▸ Assignment: Copy out the data exactly as it appears, without a single image.

Collected data entries

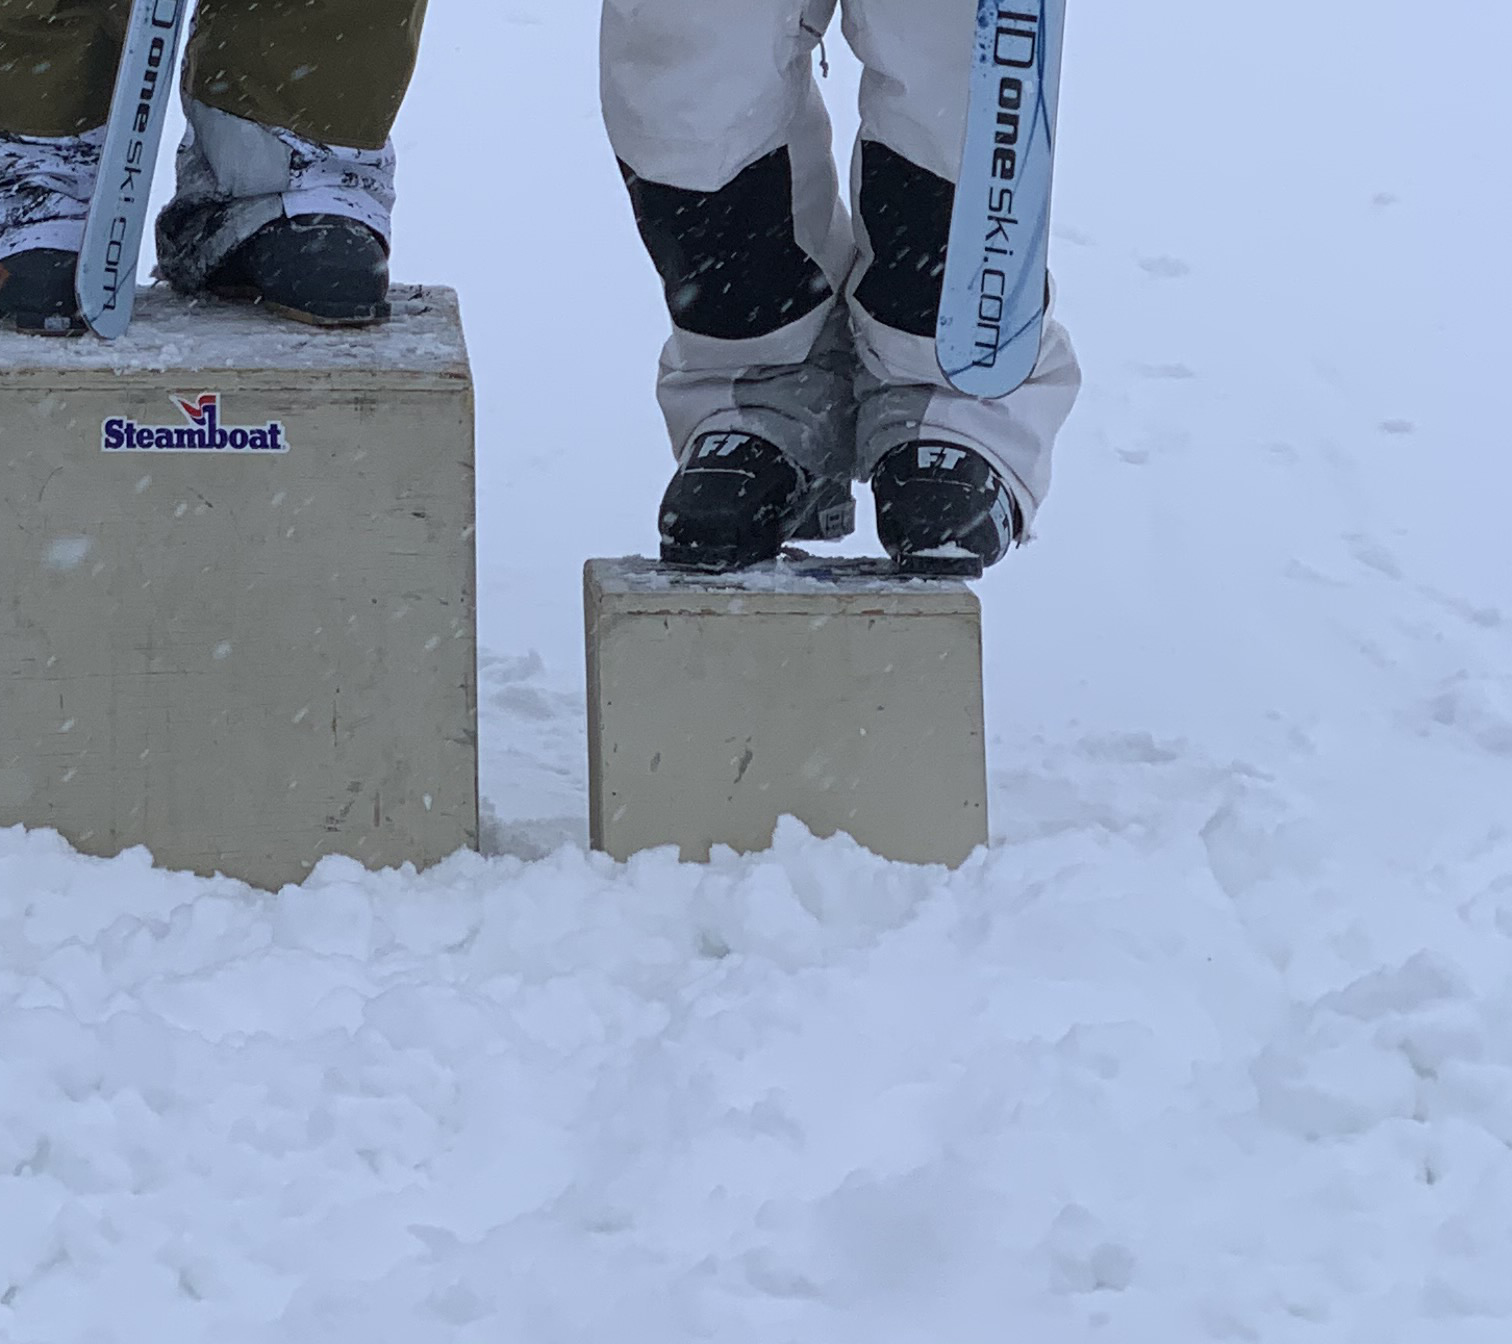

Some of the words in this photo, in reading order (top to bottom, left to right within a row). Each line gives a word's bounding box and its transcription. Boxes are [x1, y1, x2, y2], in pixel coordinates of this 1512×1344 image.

[104, 403, 282, 450] Steamboat
[697, 433, 751, 459] FT
[917, 446, 967, 470] FT
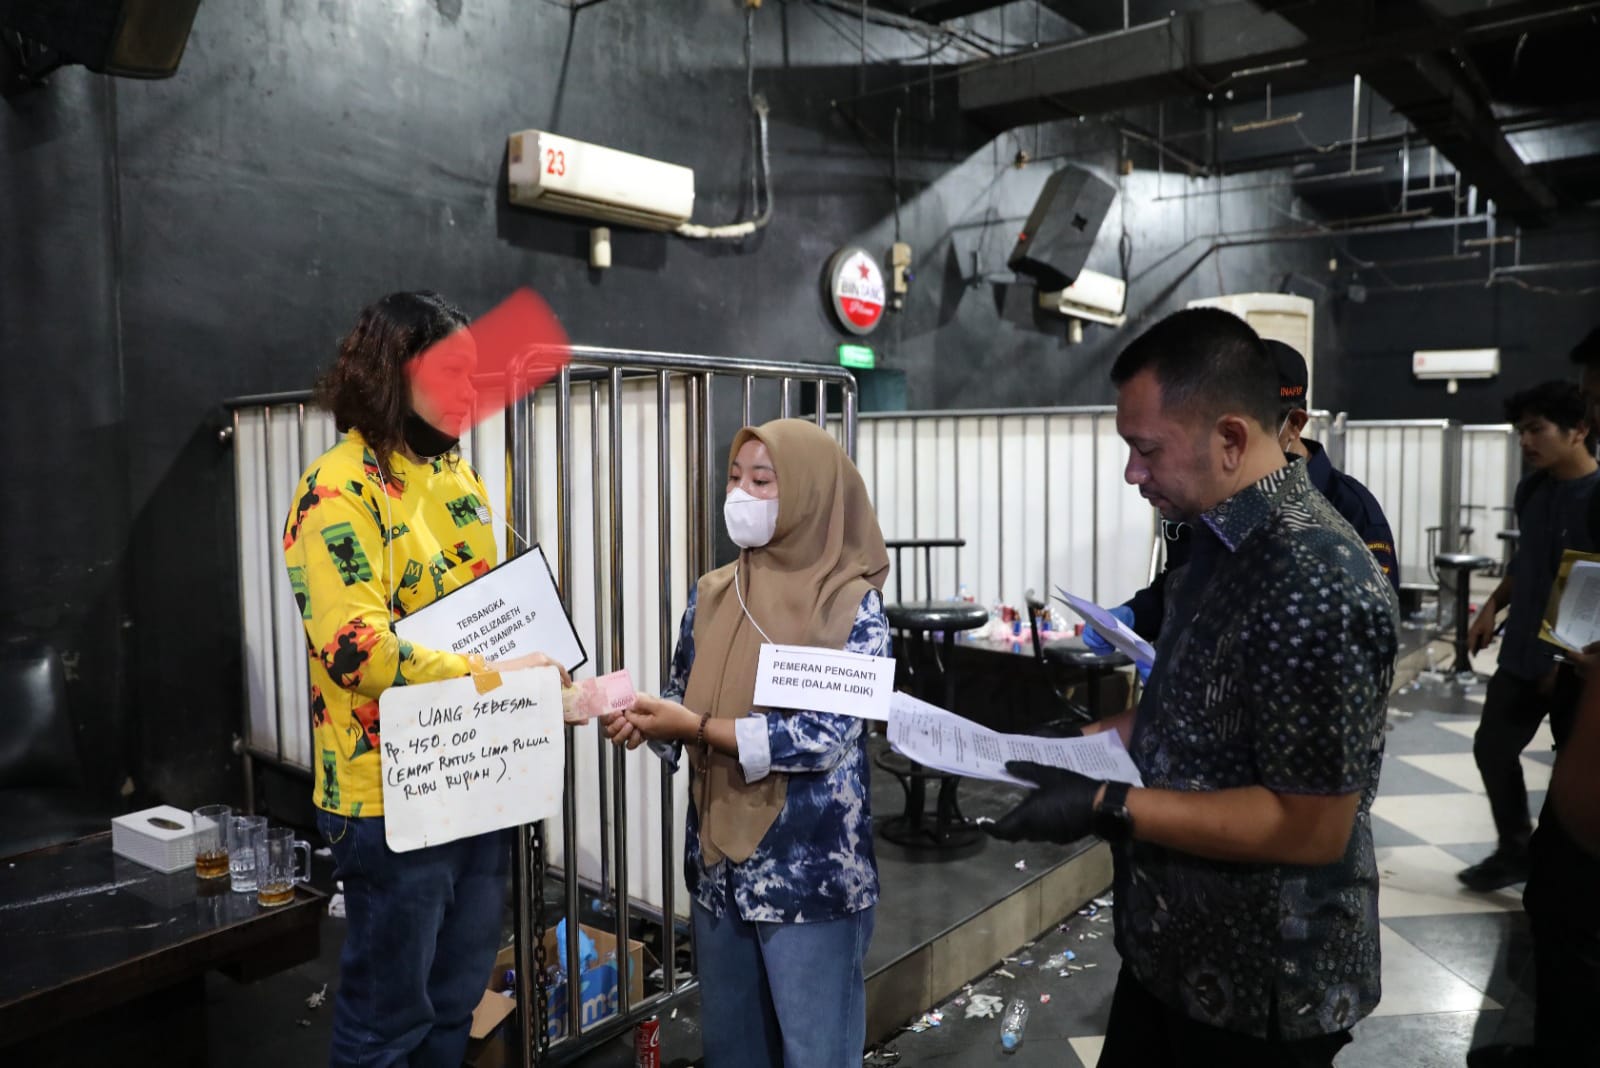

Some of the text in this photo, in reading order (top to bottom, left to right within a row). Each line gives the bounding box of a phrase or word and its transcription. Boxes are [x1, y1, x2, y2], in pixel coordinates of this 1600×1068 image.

[546, 149, 565, 176] 23
[456, 598, 506, 631] TERSANGKA
[451, 606, 521, 652] RENTA ELIZABETH
[499, 639, 516, 656] ELIS
[772, 661, 877, 681] PEMERAN PENGANTI
[771, 676, 874, 698] RERE (DALAM LIDIK)
[418, 697, 538, 728] UANG SEBESAR
[439, 752, 476, 771] RATUS
[481, 744, 509, 759] LIMA
[403, 781, 437, 800] RIBU

▸ Task response:
Some of the words in this photo, in reading order (top to bottom, left to right within a row). Each line gives a word's bounding box and its transcription. Boxes are [x1, y1, x2, y2], in pixel coordinates of this 1512×1344 image.

[104, 403, 282, 450] Steamboat
[697, 433, 751, 459] FT
[917, 446, 967, 470] FT

Some of the text in this photo, in reading order (top to bottom, left to right within a row). Each line gives the bounding box of a phrase or word and its transcription. Boxes are [x1, y1, x2, y2], in pixel coordinates of this 1600×1068 image.

[546, 149, 565, 176] 23
[456, 598, 506, 631] TERSANGKA
[451, 606, 521, 652] RENTA ELIZABETH
[499, 639, 516, 656] ELIS
[772, 661, 877, 681] PEMERAN PENGANTI
[771, 676, 874, 698] RERE (DALAM LIDIK)
[418, 697, 538, 728] UANG SEBESAR
[439, 752, 476, 771] RATUS
[481, 744, 509, 759] LIMA
[403, 781, 437, 800] RIBU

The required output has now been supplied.